Segment Open

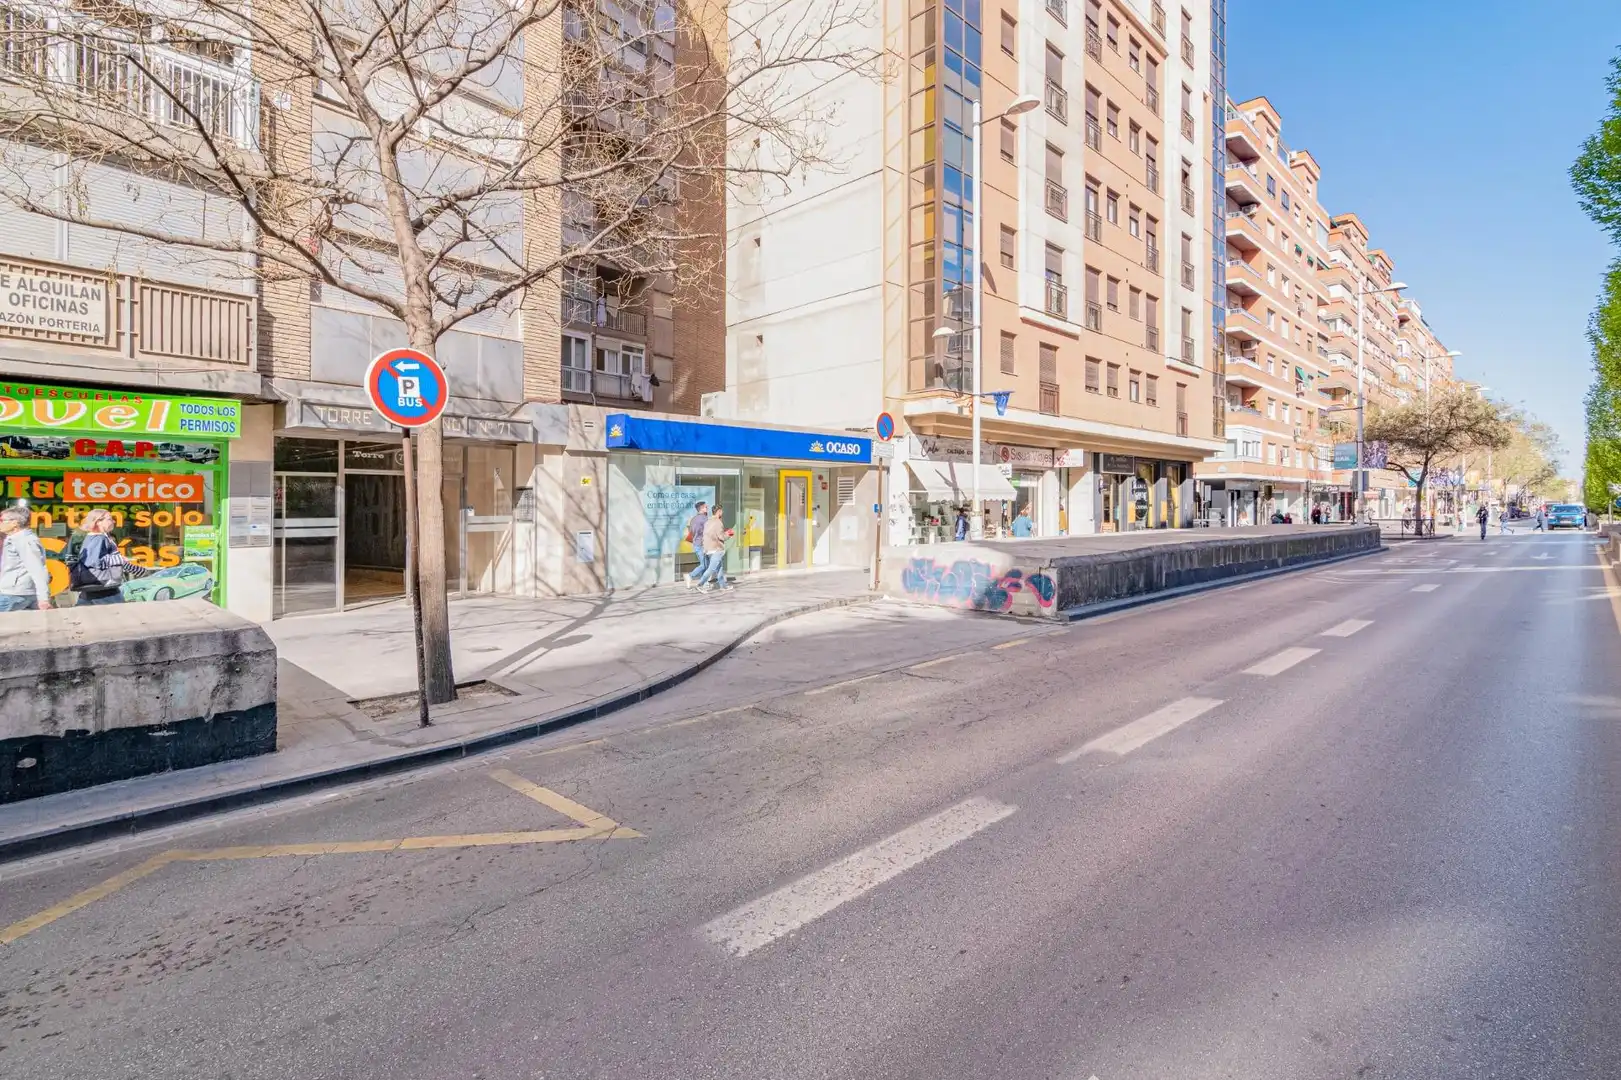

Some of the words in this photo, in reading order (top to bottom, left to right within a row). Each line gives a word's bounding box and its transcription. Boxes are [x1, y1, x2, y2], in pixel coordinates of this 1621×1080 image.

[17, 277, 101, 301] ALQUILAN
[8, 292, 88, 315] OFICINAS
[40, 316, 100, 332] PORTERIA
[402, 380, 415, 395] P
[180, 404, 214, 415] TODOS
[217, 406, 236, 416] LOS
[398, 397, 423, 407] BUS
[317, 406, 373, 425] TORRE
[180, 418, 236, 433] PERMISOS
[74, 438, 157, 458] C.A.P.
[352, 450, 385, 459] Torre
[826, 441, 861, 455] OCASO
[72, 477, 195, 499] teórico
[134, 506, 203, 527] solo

Segment Closed

• _What is expected_
Transcribe each record above exactly, leaving every picture out of the copy.

• _Task solution_
Some of the words in this photo, in reading order (top to bottom, left to right within a row). Each line gives a word's bounding box and its transcription. Boxes are [x1, y1, x2, y2], in pixel coordinates of this 1621×1080 image.

[17, 277, 101, 301] ALQUILAN
[8, 292, 88, 315] OFICINAS
[40, 316, 100, 332] PORTERIA
[402, 380, 415, 395] P
[180, 404, 214, 415] TODOS
[217, 406, 236, 416] LOS
[398, 397, 423, 407] BUS
[317, 406, 373, 425] TORRE
[180, 418, 236, 433] PERMISOS
[74, 438, 157, 458] C.A.P.
[352, 450, 385, 459] Torre
[826, 441, 861, 455] OCASO
[72, 477, 195, 499] teórico
[134, 506, 203, 527] solo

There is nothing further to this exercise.